Title:Catalyzer: a novel tool for integrating, managing and publishing heterogeneous bioscience data
Authors: Fred Howell ; Robert Cannon ; Nigel Goddard
Date: 2005
Publication Title:Concurrency
Publisher:Wiley & Sons
Publication Type:Journal Article Publication Status:Pre-print
The integrative ambitions of systems biology and neuroinformatics -- to construct working models of the machinery of living cells and brains -- will founder unless researchers have access to the huge amounts of diverse experimental data being collected. But the vast majority of bioscience research data which is gathered is never made available to other researchers, partly for want of adequate software for annotating experimental data, and partly for social reasons (researchers are rarely rewarded for publishing the actual data sets -- just for journal articles summarising findings).

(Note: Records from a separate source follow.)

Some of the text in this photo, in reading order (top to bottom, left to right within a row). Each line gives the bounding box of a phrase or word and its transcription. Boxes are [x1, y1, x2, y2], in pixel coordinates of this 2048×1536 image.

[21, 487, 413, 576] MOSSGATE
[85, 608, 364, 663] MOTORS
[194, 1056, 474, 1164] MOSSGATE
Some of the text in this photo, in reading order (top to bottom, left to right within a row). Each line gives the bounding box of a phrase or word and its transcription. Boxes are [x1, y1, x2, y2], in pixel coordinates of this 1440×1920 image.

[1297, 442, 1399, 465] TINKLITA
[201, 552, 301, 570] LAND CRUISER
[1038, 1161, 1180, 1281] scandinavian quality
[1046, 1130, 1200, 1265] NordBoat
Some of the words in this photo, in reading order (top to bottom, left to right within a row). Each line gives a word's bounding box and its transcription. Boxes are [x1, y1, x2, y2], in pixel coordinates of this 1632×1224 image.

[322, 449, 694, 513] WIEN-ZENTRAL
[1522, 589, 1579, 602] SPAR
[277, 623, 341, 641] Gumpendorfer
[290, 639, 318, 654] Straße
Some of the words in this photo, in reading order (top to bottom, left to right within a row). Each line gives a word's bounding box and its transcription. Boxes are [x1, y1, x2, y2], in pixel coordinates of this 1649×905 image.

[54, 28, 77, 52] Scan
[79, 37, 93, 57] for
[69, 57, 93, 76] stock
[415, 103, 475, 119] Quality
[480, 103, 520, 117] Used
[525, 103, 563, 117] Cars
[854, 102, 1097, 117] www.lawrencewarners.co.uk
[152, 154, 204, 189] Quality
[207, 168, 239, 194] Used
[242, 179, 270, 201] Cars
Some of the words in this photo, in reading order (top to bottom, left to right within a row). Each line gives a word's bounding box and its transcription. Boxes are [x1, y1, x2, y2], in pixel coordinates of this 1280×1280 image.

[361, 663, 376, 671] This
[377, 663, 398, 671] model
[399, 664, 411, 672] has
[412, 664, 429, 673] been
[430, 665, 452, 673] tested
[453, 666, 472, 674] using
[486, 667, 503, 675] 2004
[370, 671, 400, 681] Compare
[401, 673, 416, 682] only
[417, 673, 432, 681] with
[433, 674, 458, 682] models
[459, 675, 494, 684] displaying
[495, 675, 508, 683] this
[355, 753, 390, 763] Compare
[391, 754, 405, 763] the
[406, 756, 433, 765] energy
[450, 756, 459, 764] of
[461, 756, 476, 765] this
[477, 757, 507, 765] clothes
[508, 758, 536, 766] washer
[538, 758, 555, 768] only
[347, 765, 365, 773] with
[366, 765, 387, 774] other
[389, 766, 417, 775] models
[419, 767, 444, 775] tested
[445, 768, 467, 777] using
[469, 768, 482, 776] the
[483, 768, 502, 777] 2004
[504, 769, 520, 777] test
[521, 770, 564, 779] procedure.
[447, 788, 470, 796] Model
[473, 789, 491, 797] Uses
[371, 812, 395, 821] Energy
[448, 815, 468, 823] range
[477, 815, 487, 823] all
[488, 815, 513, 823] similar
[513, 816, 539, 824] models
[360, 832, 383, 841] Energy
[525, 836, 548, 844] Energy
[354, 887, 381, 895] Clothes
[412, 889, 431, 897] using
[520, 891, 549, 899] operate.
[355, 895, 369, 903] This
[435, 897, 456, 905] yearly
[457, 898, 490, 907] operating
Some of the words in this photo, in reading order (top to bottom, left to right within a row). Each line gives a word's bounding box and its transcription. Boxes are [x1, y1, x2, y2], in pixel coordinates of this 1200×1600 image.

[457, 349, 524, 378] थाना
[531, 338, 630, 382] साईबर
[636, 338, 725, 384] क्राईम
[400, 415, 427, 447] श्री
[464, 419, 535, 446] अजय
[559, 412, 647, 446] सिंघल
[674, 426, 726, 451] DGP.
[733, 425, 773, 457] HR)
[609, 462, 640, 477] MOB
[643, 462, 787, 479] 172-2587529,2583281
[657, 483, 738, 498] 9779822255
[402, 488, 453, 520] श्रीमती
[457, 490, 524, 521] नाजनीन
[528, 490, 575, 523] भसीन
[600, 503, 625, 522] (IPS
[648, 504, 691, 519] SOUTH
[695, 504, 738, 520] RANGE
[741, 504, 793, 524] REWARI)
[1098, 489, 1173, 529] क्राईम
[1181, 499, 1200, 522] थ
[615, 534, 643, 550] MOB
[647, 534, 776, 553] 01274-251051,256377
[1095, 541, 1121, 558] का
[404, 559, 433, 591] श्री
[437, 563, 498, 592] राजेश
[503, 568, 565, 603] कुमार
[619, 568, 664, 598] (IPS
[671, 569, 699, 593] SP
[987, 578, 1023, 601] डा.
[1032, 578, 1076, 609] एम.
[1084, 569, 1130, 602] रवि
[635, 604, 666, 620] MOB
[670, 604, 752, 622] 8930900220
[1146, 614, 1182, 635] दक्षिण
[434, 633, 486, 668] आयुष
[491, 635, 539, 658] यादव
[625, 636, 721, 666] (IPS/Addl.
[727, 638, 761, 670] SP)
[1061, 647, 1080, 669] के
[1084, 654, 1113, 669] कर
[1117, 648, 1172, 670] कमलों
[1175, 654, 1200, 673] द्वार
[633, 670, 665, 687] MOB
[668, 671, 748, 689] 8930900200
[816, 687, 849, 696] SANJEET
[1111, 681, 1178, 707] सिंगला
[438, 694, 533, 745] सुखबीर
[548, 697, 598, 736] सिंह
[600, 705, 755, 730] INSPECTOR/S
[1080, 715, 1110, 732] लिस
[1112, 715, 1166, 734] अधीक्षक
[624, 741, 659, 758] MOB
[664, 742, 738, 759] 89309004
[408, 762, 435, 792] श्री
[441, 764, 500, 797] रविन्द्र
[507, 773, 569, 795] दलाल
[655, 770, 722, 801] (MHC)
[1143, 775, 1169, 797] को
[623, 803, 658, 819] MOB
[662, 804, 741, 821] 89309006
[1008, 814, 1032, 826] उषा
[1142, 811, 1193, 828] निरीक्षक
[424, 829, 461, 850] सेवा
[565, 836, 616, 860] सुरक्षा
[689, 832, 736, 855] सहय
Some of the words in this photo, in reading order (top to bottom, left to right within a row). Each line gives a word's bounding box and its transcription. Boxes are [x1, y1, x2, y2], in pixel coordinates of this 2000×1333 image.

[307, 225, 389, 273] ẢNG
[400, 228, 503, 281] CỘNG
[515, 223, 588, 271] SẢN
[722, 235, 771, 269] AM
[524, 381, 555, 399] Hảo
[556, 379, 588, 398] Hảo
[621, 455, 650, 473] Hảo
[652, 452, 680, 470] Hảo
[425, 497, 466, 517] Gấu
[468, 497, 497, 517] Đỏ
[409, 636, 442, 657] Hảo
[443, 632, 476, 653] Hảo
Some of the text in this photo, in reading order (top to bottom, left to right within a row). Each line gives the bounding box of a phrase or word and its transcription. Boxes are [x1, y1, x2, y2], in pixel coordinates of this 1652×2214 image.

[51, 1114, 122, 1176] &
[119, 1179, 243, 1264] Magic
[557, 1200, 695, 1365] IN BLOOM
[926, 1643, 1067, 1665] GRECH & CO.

We have developed a novel software solution aimed at making it simpler for researchers to annotate and publish their research data. The first part of this solution is a desktop application ("Catalyzer") which lets researchers structure their data at source, and complements existing ad hoc solutions in use in labs (including cryptic filenames, Word, Excel, paper lab books) while being simpler and more flexible than relational databases, which are too complex for most bioscience researchers to set up. The catalogs produced by Catalyzer are stored in XML with a user defined schema, which will simplify future data mining efforts across large numbers of distributed data sets. Thus we term the approach "Structure At Source, Integrate As Required", with the initial focus on enabling the researchers to structure their own research data; only then will other researchers be able to integrate across data sets.